Authorities in Myanmar say security forces have begun arming and training non-Muslim residents in the north of Arakan (Rakhine) state to counter an allegedly growing threat from fighters belonging to the ethnic Rohingya minority group.
Human rights advocates say the move could lead to more conflict and abuses against civilians in Arakan (Rakhine).
Colonel Sein Lwin, Arakan (Rakhine) police chief, told Reuters news agency on Wednesday that his force had started recruiting new “regional police” from among Buddhist and other non-Muslim ethnic minorities in the border town of Maungdaw.
Candidates who did not meet the educational attainment standards, or criteria such as minimum height, required for recruitment by the regular police would be accepted for the scheme, he said.
“But they have to be the residents,” said Sein Lwin. “They will have to serve at their own places.”
Min Aung, a minister in Arakan (Rakhine) parliament and a member of Aung San Suu Kyi’s National League for Democracy party, said only citizens would be eligible to sign up for the police training, ruling out the 1.1 million Rohingya living in Arakan (Rakhine), who are denied citizenship by the government.
Police will also start recruiting civilians in Akyab (Sittwe), Arakan (Rakhine) state’s capital, next week.
Lin Lin Oo, a police official, said that initially 100 recruits aged between 18 and 35 would undergo an accelerated 16-week training programme in Akyab (Sittwe) on November 7.
Authorities said the auxiliary recruits would not form a new “people’s militia”, like those that fight in ethnic conflicts elsewhere in Myanmar.
Such militias – which are often accused of abuses against civilians – raise their own funds and are overseen by the army. The new recruits in Arakan (Rakhine) will be paid and come under the control of the border police.
State Sponsored Violence
Human rights organisations and a leader of the Rohingya told Reuters that the move risked sharpening tensions in a region that has just seen its deadliest month since 2012, when hundreds of people were killed in clashes by Rakhine Buddhists on Rohingya Muslims.

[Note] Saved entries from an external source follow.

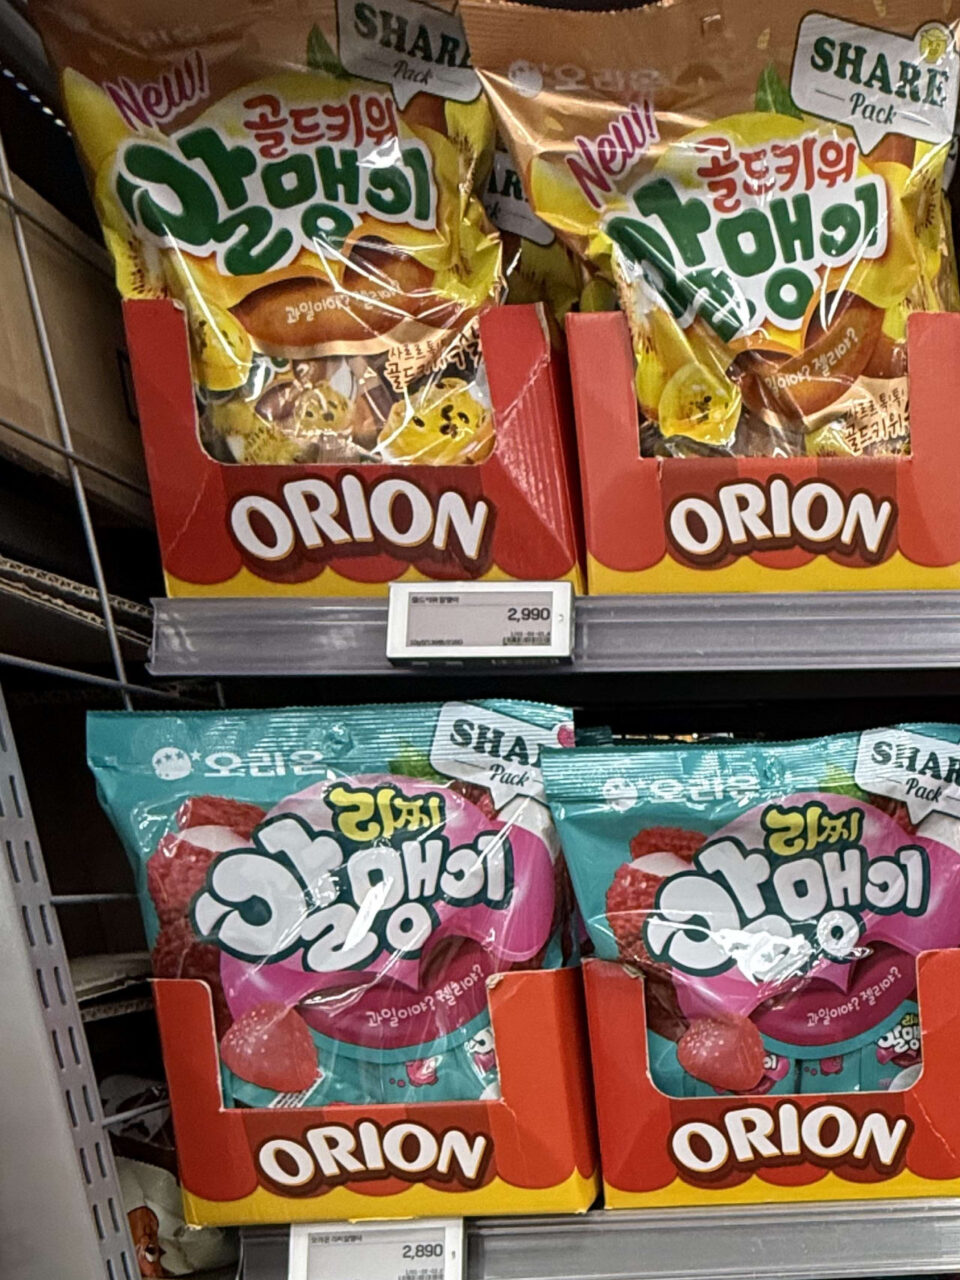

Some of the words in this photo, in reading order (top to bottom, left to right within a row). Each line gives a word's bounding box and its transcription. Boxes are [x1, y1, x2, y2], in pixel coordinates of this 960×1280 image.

[108, 53, 209, 131] New!
[393, 60, 432, 86] Pack
[810, 35, 949, 108] SHARE
[244, 94, 399, 158] 골드키위
[849, 92, 898, 126] Pack
[565, 99, 658, 208] New!
[696, 136, 857, 213] 골드키위
[117, 127, 434, 276] 알맹이
[606, 178, 879, 344] 알맹이
[813, 326, 859, 378] 젤리야?
[231, 473, 488, 561] ORION
[669, 478, 892, 555] ORION
[507, 607, 551, 623] 2,990
[203, 748, 329, 778] 오리온
[449, 717, 544, 766] SHA
[488, 762, 531, 788] Pack
[904, 776, 943, 803] Pack
[195, 818, 512, 973] 알맹이
[646, 840, 923, 984] 알맹이
[366, 991, 438, 1028] 과일이야?
[806, 997, 862, 1028] 과일이야?
[860, 965, 903, 1007] 젤리야?
[257, 1119, 487, 1188] ORION
[673, 1104, 907, 1173] ORION
[402, 1243, 444, 1260] 2,890
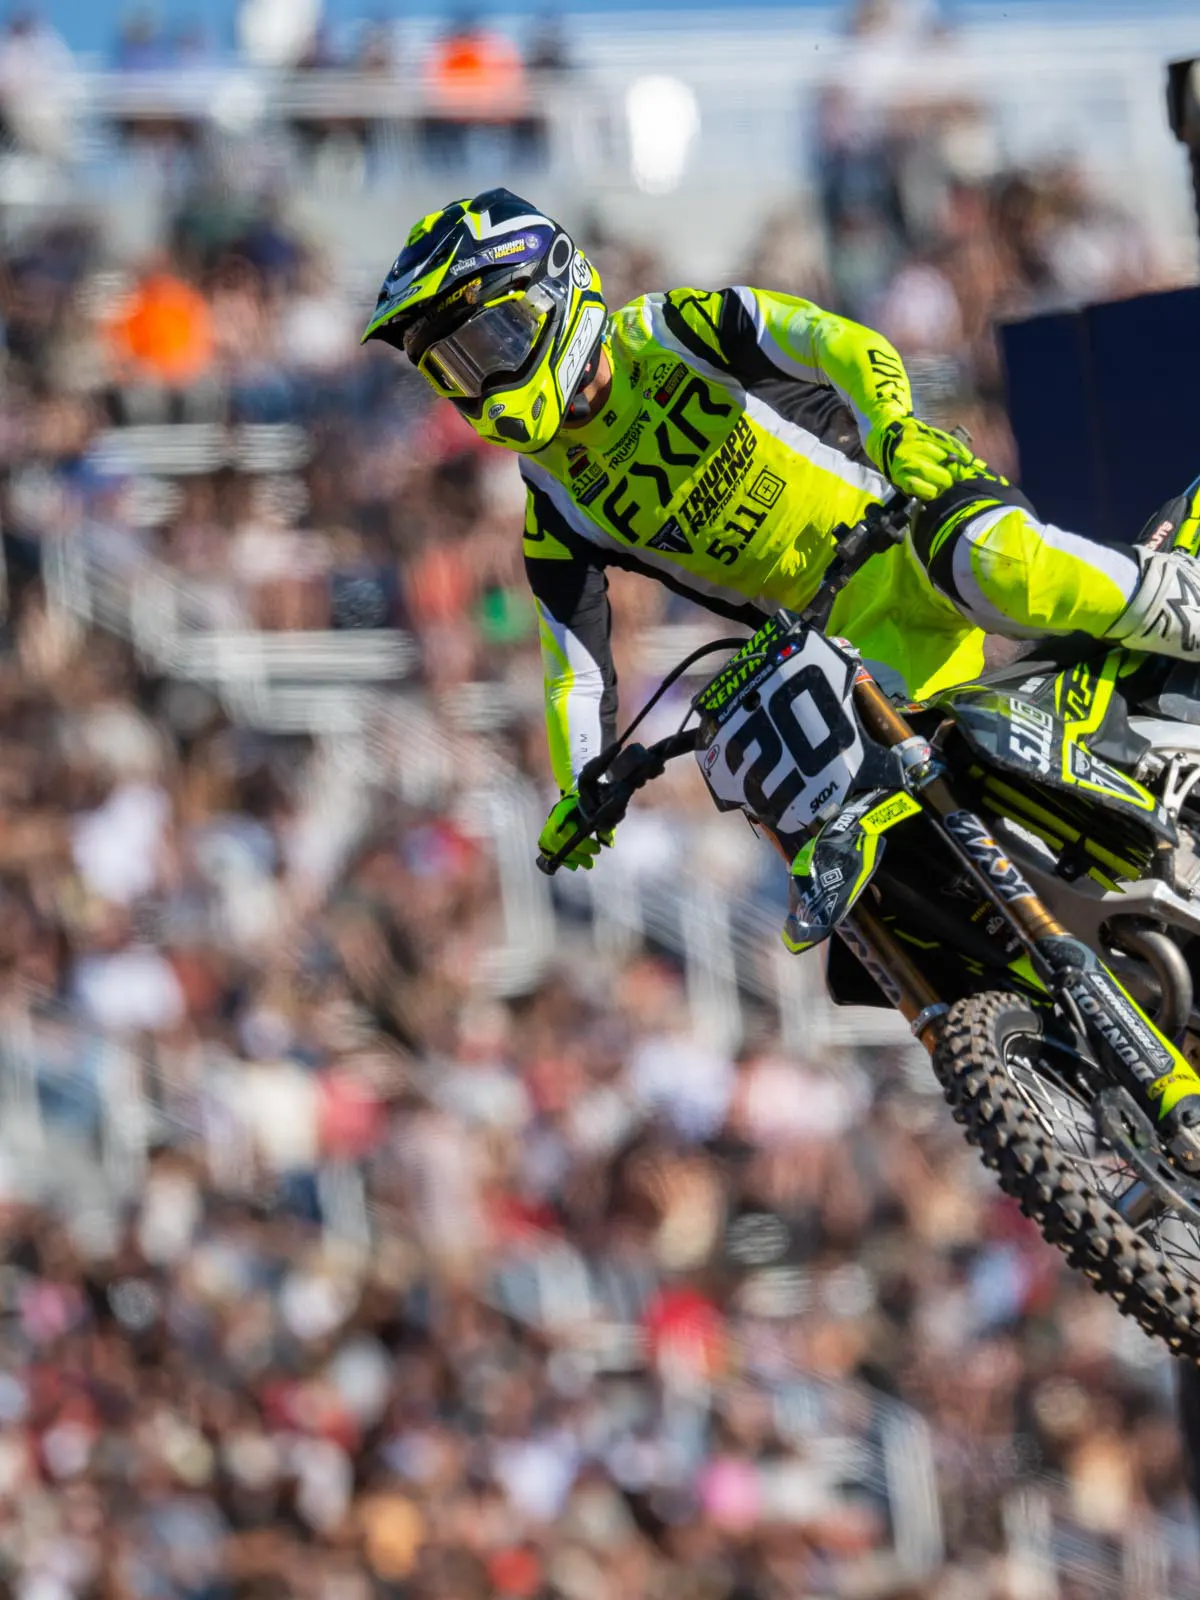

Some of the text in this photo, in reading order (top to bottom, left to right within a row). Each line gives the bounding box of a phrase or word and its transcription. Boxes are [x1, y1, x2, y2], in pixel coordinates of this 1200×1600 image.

[493, 238, 525, 252] TRIUMPH
[495, 245, 526, 259] RACING
[602, 375, 733, 544] FXR
[608, 421, 646, 471] TRIUMPH
[678, 415, 752, 523] TRIUMPH
[690, 433, 758, 536] RACING
[708, 484, 738, 527] FACTORY
[705, 504, 768, 566] 5.11
[725, 664, 856, 828] 20

Soldiers have poured into the northern region along Myanmar’s frontier with Bangladesh following attacks on three border posts on October 9 in which nine police officers were killed.
Security forces have locked down the area – shutting out aid workers and independent observers – and conducted sweeps of villages in Maungdaw, where the vast majority are Rohingya.
Official reports say five soldiers and 33 alleged fighters have been killed.
The UN has called for an investigation into allegations that security forces have killed, raped and arbitrarily detained thousands of Rohingya civilians and razed their homes to the ground in a crackdown following the October 9 attacks.
The government has denied abuses by troops.
Rakhine political leaders have urged the government to arm local Buddhists against what they say is rising security threats from Rohingya fighters whose existence are still an illusion.
“The minority ethnic people need to protect themselves from hostile neighbours,” said Min Aung, referring to non-Muslim ethnicities who are in a minority in the region.
“That’s why the government supports them as regional police, as well as with employment.”
Aung San Suu Kyi’s government has invited diplomats and the senior United Nations representative in the country on a visit to Arakan (Rakhine) from Wednesday to try to assuage concerns over aid access and rights violations.
But international experts working to rebuild relations in Arakan (Rakhine), and human rights groups, say arming and training local non-Muslims could make the situation on the ground worse.
“It’s sad and telling that the authorities regard this move as part of a security solution,” said Matthew Smith, founder of Fortify Rights, an advocacy group.
Arming local Buddhists who may regard all Rohingya a threat to their safety was “a recipe for atrocity crimes”, Smith said.
“It can only inflame the situation and will likely lead to unnecessary violence.”
A Rohingya community leader in Maungdaw, speaking to Reuters on condition of anonymity, said he was concerned Muslims might come under attack from the newly armed recruits.
“If they have guns in their hands, we won’t be able to work together as before,” he said.
Note: Changes have been made, Agencies are not responsible for these.